At the time, four years had passed since the killing of Meredith Kercher, and on the surface, it seemed there was little left to mine. Dozens of journalists had long been camped out in the small Italian town of Perugia, following the trials ins and outs and broadcasting even the most minute developments.

McGinn and Blackhurst decided to head to Italy anyway.

“Once we got there and spent some time understanding who the people were and contextualizing things, we found that there was no clear understanding of what had happened,” said Blackhurst, sharing a late breakfast with McGinn the morning after their premiere. “The humanity at the heart of the story had been lost. People had forgotten that there were real people whose lives were at stake. People had forgotten that someone had lost their life.

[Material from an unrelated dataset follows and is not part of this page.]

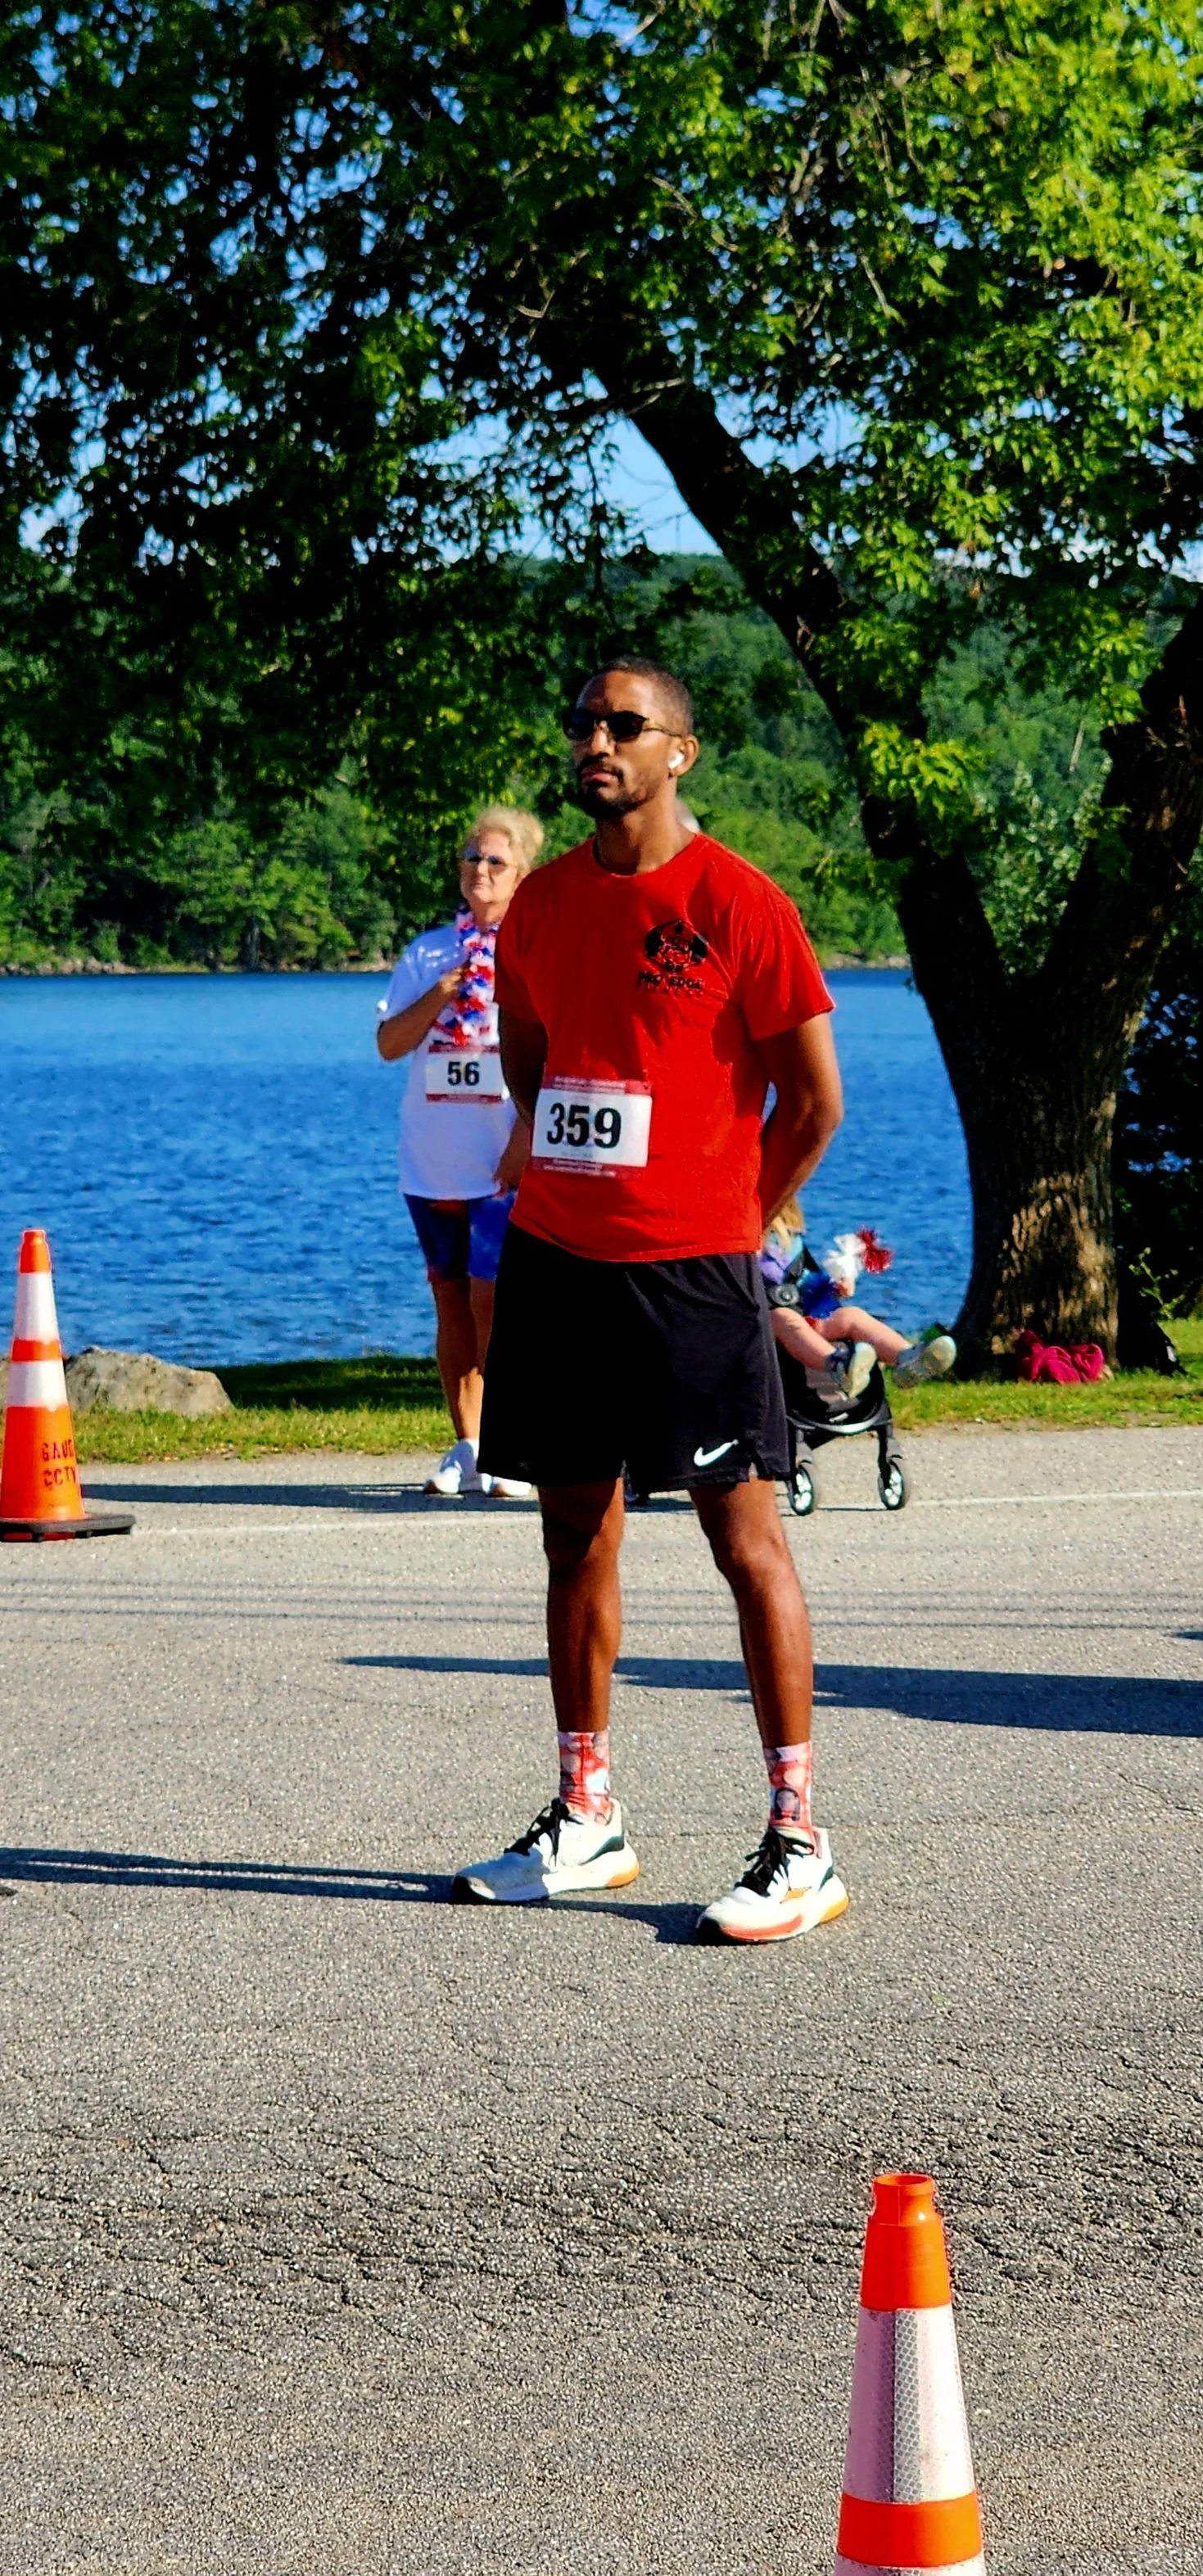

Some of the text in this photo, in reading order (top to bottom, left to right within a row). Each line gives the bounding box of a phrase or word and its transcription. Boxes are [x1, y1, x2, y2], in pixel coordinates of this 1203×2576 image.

[637, 970, 661, 986] PRO
[448, 1061, 480, 1086] 56
[547, 1103, 622, 1149] 359

It had become these headlines. And we were fascinated by that.”

While “Amanda Knox” gives a detailed ticktock of how the case unfolded — using prison recordings and court documents to ground the story in facts — it also raises questions about the media’s role in turning the story into a global phenomenon. At the premiere on Friday, members of the crowd seemed audibly disgusted by Pisa, the Daily Mail journalist, who at one point in the film likens getting a front page byline to the buzz one gets after having sex.

“And yet, he makes the point that it was consumers logging on to read the latest and the greatest — not that it’s a way to explain it away, but it is this strange circle that exists,” said Blackhurst, who grew up in upstate New York.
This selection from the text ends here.